No, you're writing something that happens to resemble a small subset of the functionality of a filesystem.

Most importantly, you're not duplicating the effort for every filesystem that you want to support encryption for, and the code can largely remain fixed once mature.

Tobu
0 replies
5d20h

kernel developers are free to factor in common functionality, calling into it library style, without making it into an externally visible layer. IIRC fs encryption and case insensitivity are often done that way, and I think I'd count the page cache and bios as larger library-style components as well (as opposed to the VFS layer which is more in a framework style).

jhoechtl
2 replies
6d

It should be highlighted that all these features are supported by btrfs too which has certainly seen much more test in the last years.

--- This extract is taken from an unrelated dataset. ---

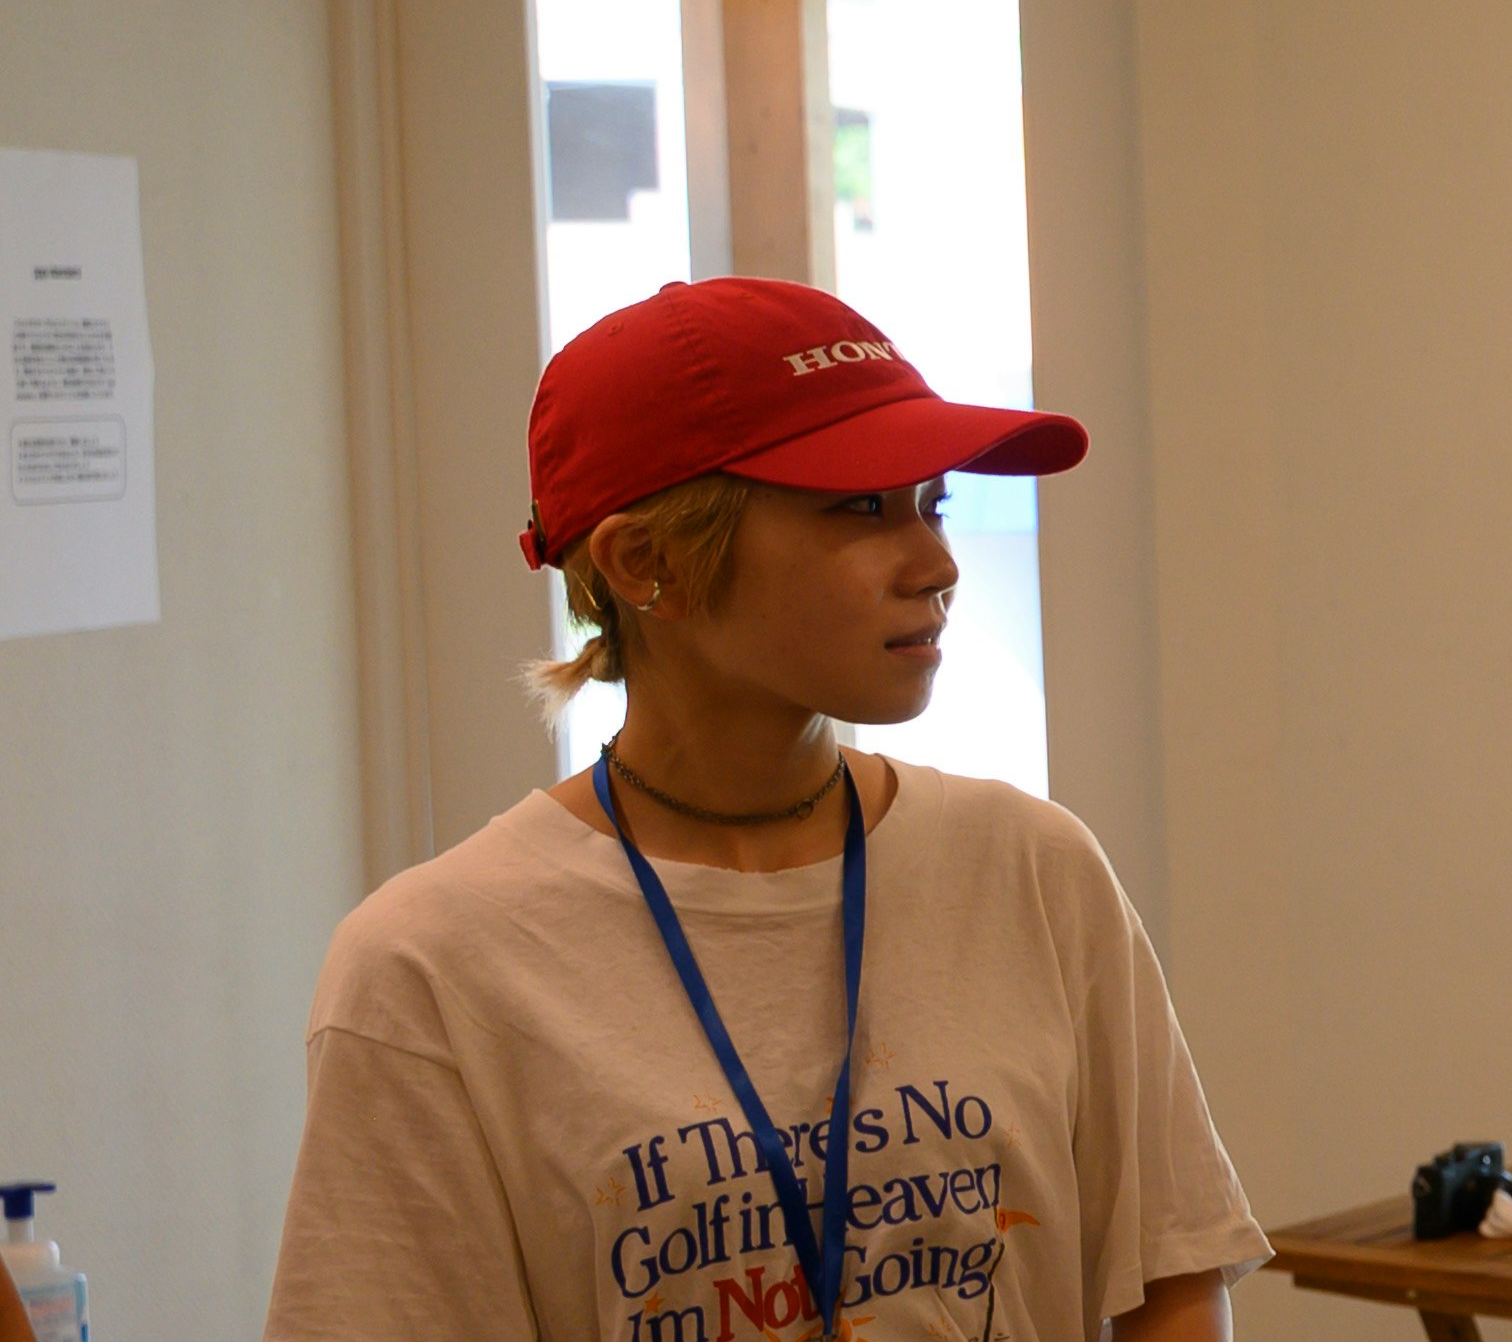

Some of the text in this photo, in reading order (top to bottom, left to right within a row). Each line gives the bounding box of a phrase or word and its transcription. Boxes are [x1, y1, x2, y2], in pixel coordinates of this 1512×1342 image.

Yes there have been issues in the past but since quite a a while its stable and feature-rich. Easily the most advanced free file system

the_duke
1 replies
6d

btrfs does not have the fast-disk cache feature I think, and definitely not the built-in encryption.

MrDrMcCoy
0 replies
5d23h

It also doesn't do block volumes or active dedupe. Btrfs is great, but I'm very excited about having all these features in one place!

sekao
8 replies
6d4h

As I said in the last thread, the author could use support: https://www.patreon.com/join/bcachefs

This has been a solitary and largely self-financed effort by Kent over many years. He must feel pretty great to finally see this happen!

KMag
7 replies
6d2h

When I became a supporter yesterday, the average was under $10 per supporter per month. There's no shame in being a small supporter.

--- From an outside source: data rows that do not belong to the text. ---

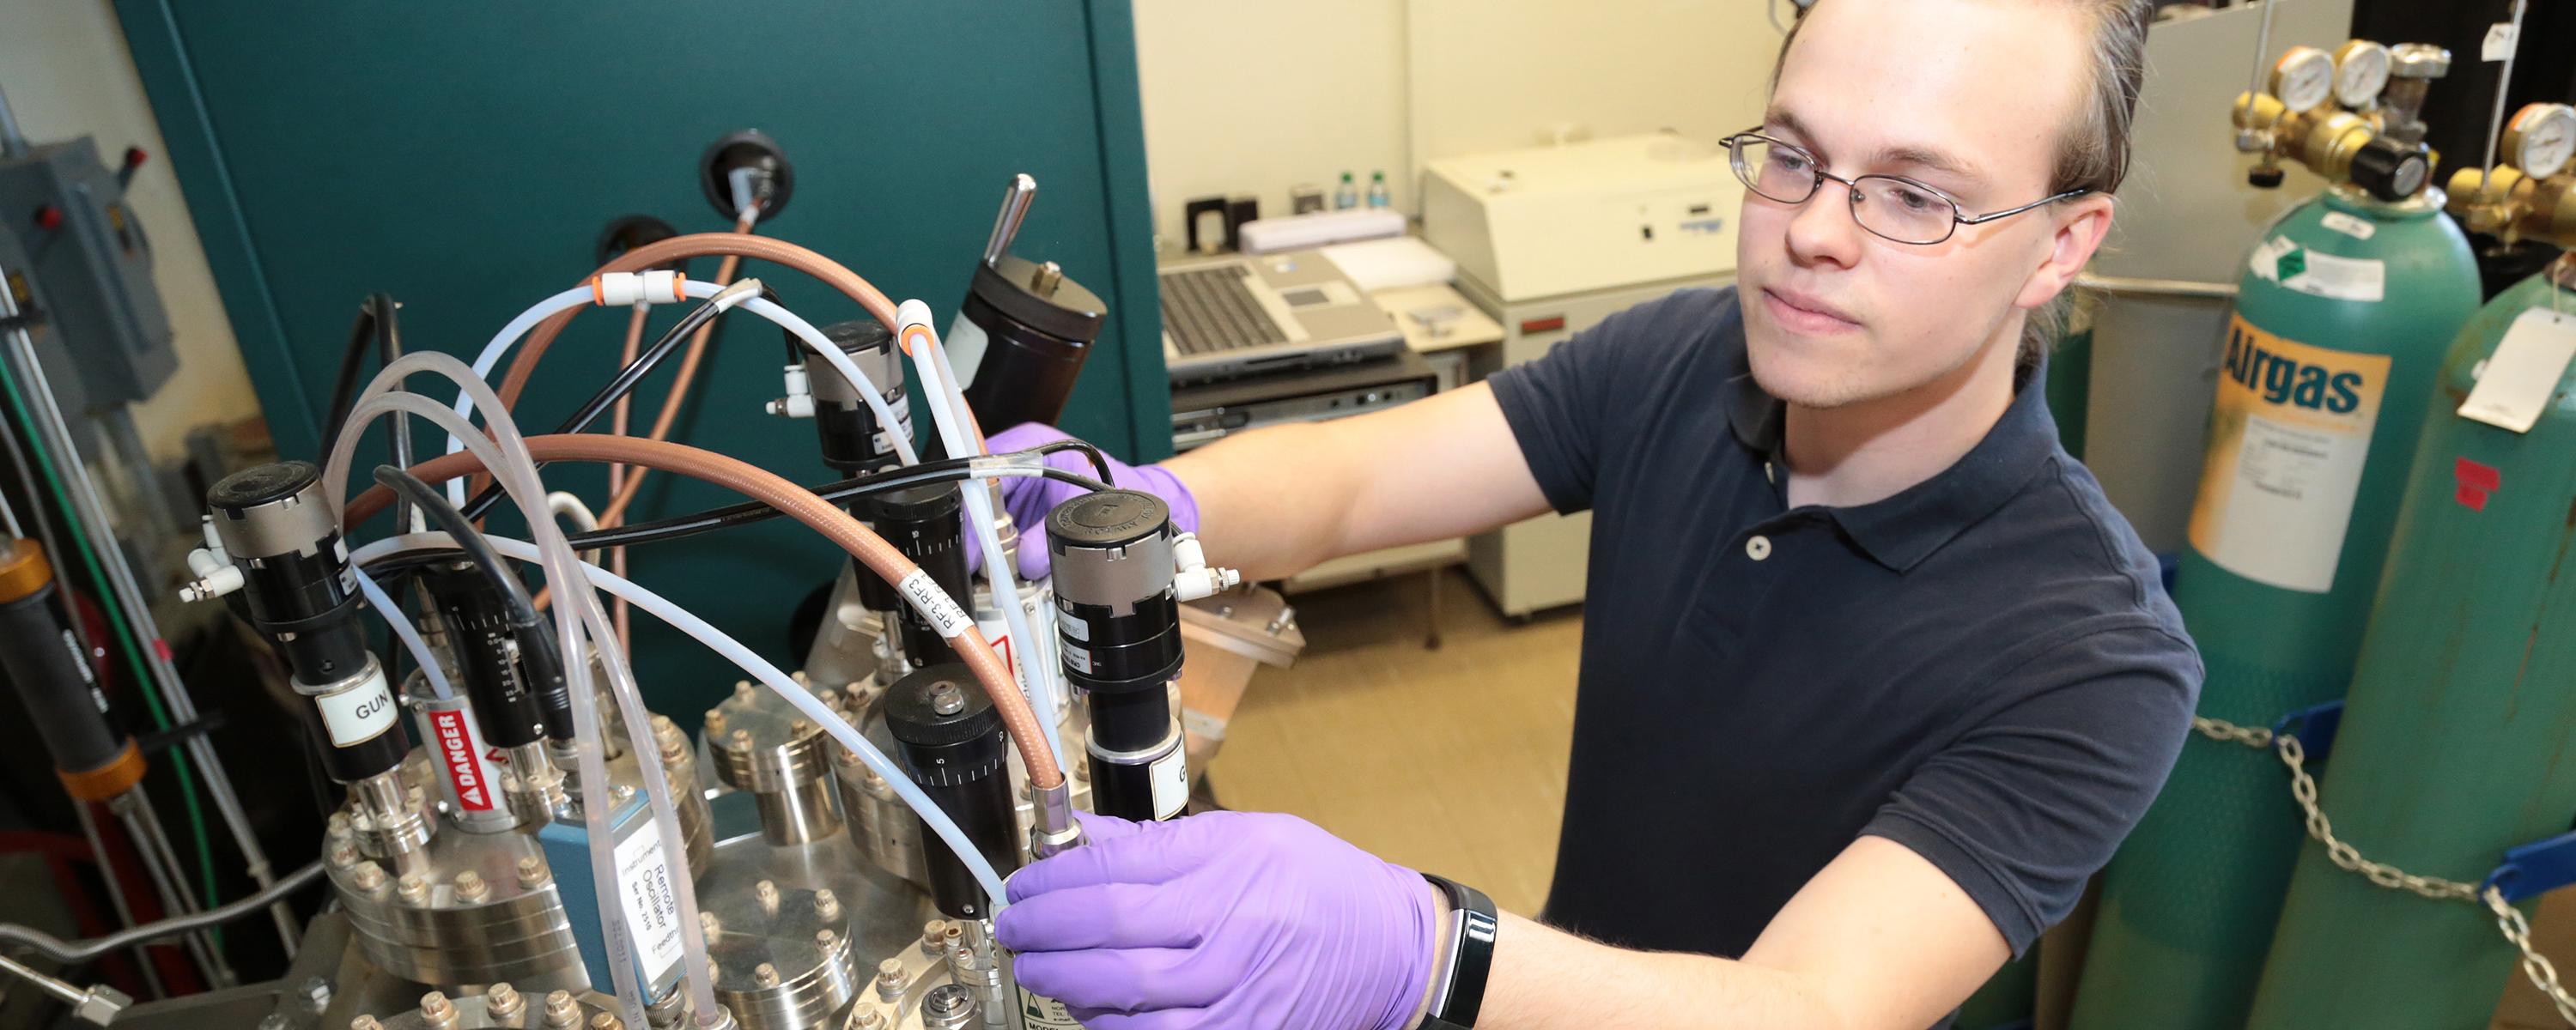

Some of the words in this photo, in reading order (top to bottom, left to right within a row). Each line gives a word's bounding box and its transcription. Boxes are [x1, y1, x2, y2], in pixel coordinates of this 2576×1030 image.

[2227, 325, 2363, 415] Airgas
[909, 579, 956, 629] RF3-RF3
[356, 689, 388, 719] GUN
[438, 715, 477, 787] DANGER
[643, 869, 666, 929] Oscillator
[654, 863, 674, 916] Remote

Edit: I currently see 279 supporters for a total of $2,328 per month, so $8.34 average per month per supporter.

KennyBlanken
6 replies
5d23h

It's currently 428 @ $2382, $5.5/per.

The pre-populated options are $20 and $100 a month, which is a lot. I think he'd get a lot more supporters if he dropped those asks to more like $1 and $5.

tpetry
1 replies
5d21h

Its not like that more people will pay with $1. most probably the same amount will pay but he‘ll just get only 10% of the funding.

unixhero
0 replies
4d22h

Huh 10%???

sroecker
1 replies
5d9h

I can't even see the pay what you like feature on the app.

KMag
0 replies
5d1h

Not sure about the app, but on the website, it was below the tiers. On my laptop screen, the pay-what-you-like option was below the fold.

slyall
0 replies
5d12h

I used to support him for $1/month previously, I think it was a specific tier.

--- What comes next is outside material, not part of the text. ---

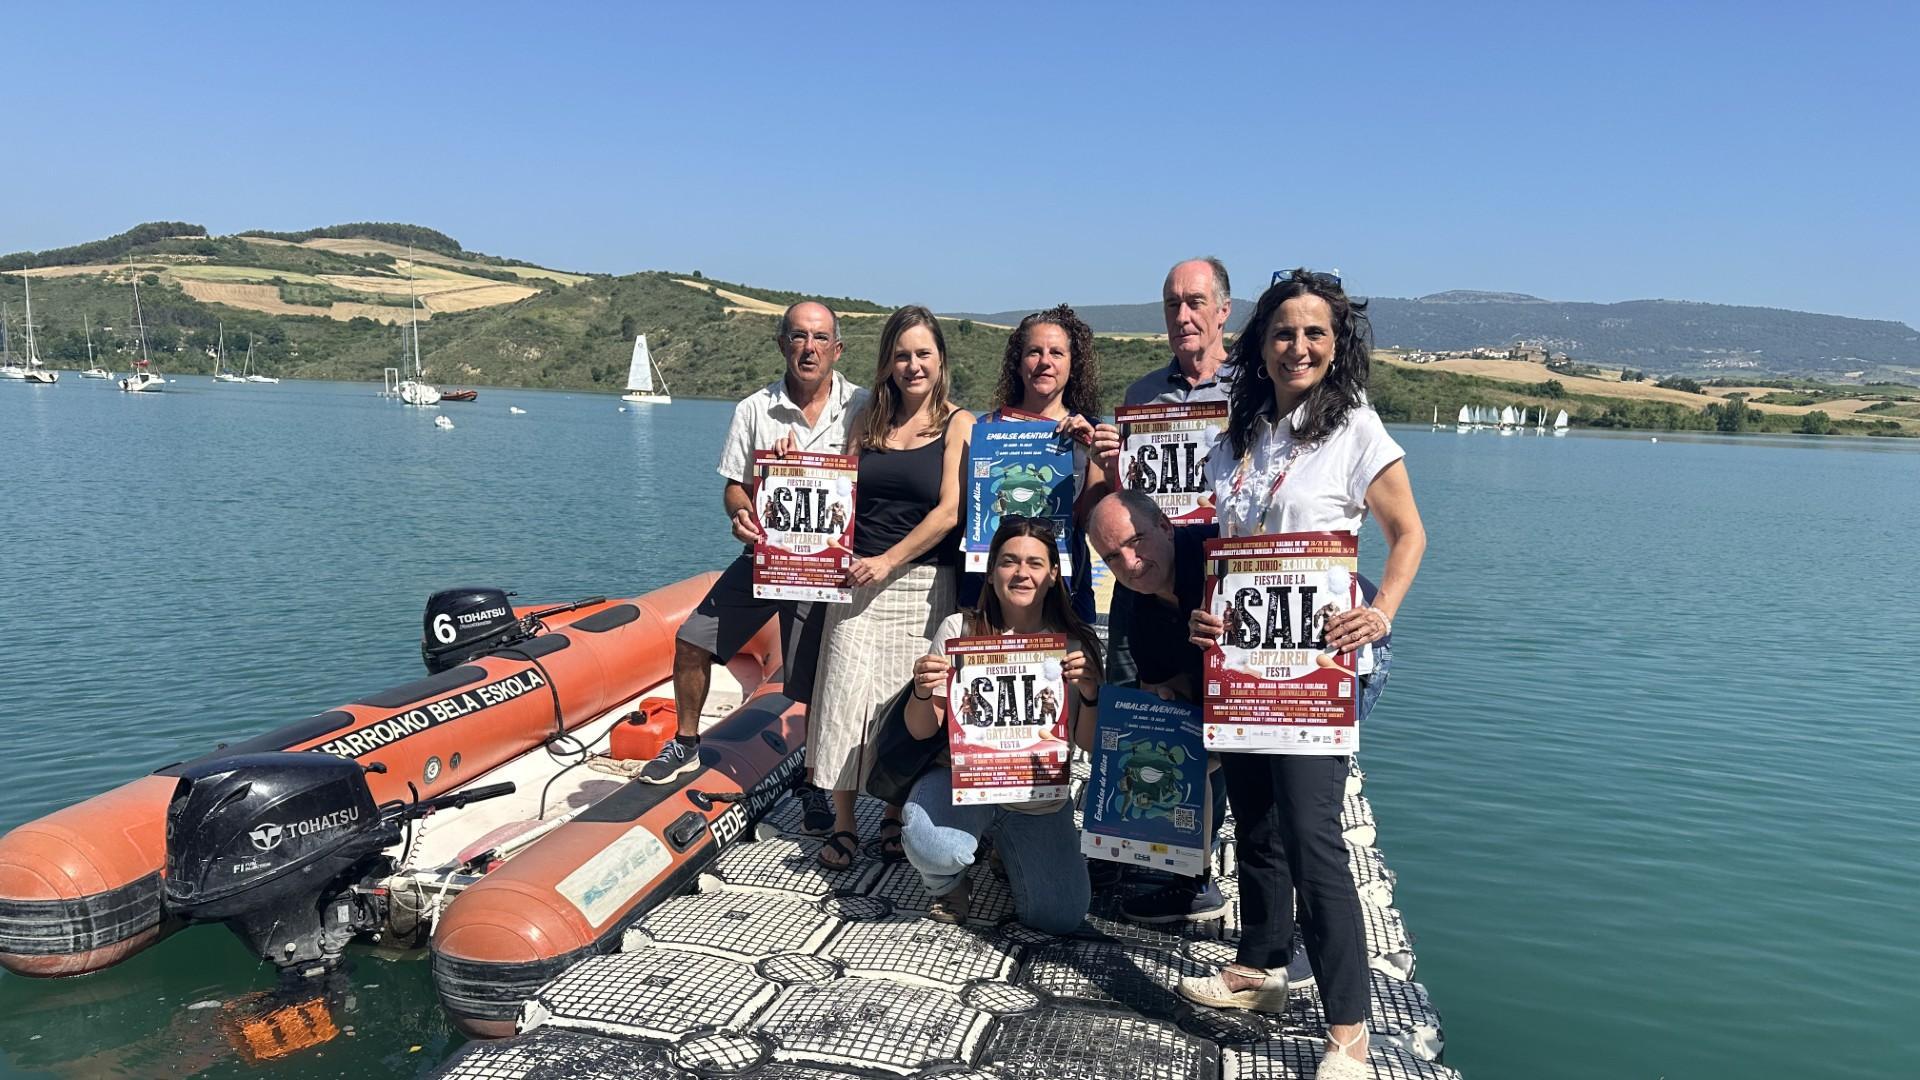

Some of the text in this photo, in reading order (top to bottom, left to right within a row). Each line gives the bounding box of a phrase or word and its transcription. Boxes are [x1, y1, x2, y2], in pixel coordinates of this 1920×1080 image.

From memory I stopped because I was adding other creators and I got the impression he was doing okay.

KMag
0 replies
5d23h

I should have said "paid members" instead of "supporters" to be more precise. He's currently at 432 members, but of those only 283 are paid members.

Either way, $5 is probably both the median and the mode for the payment distribution, whether you include non-paying members or not.

carlhjerpe
2 replies
5d22h

It's surprising no one has mentioned the fact that ZFS doesn't support suspend/resume. So it's a fat no-go for laptops, whereas btrfs and hopefully bcachefs can shine bright supporting all cool features on my laptop so I can learn by playing with them.

(LVM + LUKS + BTRFS does it for me right now)

kaliszad
1 replies
5d17h

Why wouldn't ZFS support suspend/resume? Me and several other people I know happily suspend/ resume a laptop with Root-on-ZFS with Debian or FreeBSD every day without problems.

carlhjerpe
0 replies
5d17h

https://github.com/openzfs/zfs/issues/260

I stand corrected, last time I checked they didn't support freeze/unthaw on ZoL, it's always worked on FreeBSD though.

contr-error
1 replies
6d3h

So not Bca chefs!

withinboredom
0 replies
6d2h

I can't unsee this. Thanks!

treesciencebot
0 replies
6d4h
shmerl
0 replies
6d1h

Nice and congrats!

How stable it to use for day to day desktop tasks?

seanw444
0 replies
6d3h

Finally! I've been waiting to give this a try. I thought about adding it manually, but didn't realize it required patching and recompiling my kernel, which wasn't a worthwhile endeavour to me.

olavgg
0 replies
6d2h

I love storage and filesystems, and I am really looking forward to play with bcachefs. Now bcachefs can be tested easily by millions and build a solid reputation as a true next generation Linux filesystem.

_joel
0 replies
6d4h

Brilliant, I played with this for Ceph OSD's waaaaay back and it worked quite well, albeit a little fragile to deploy.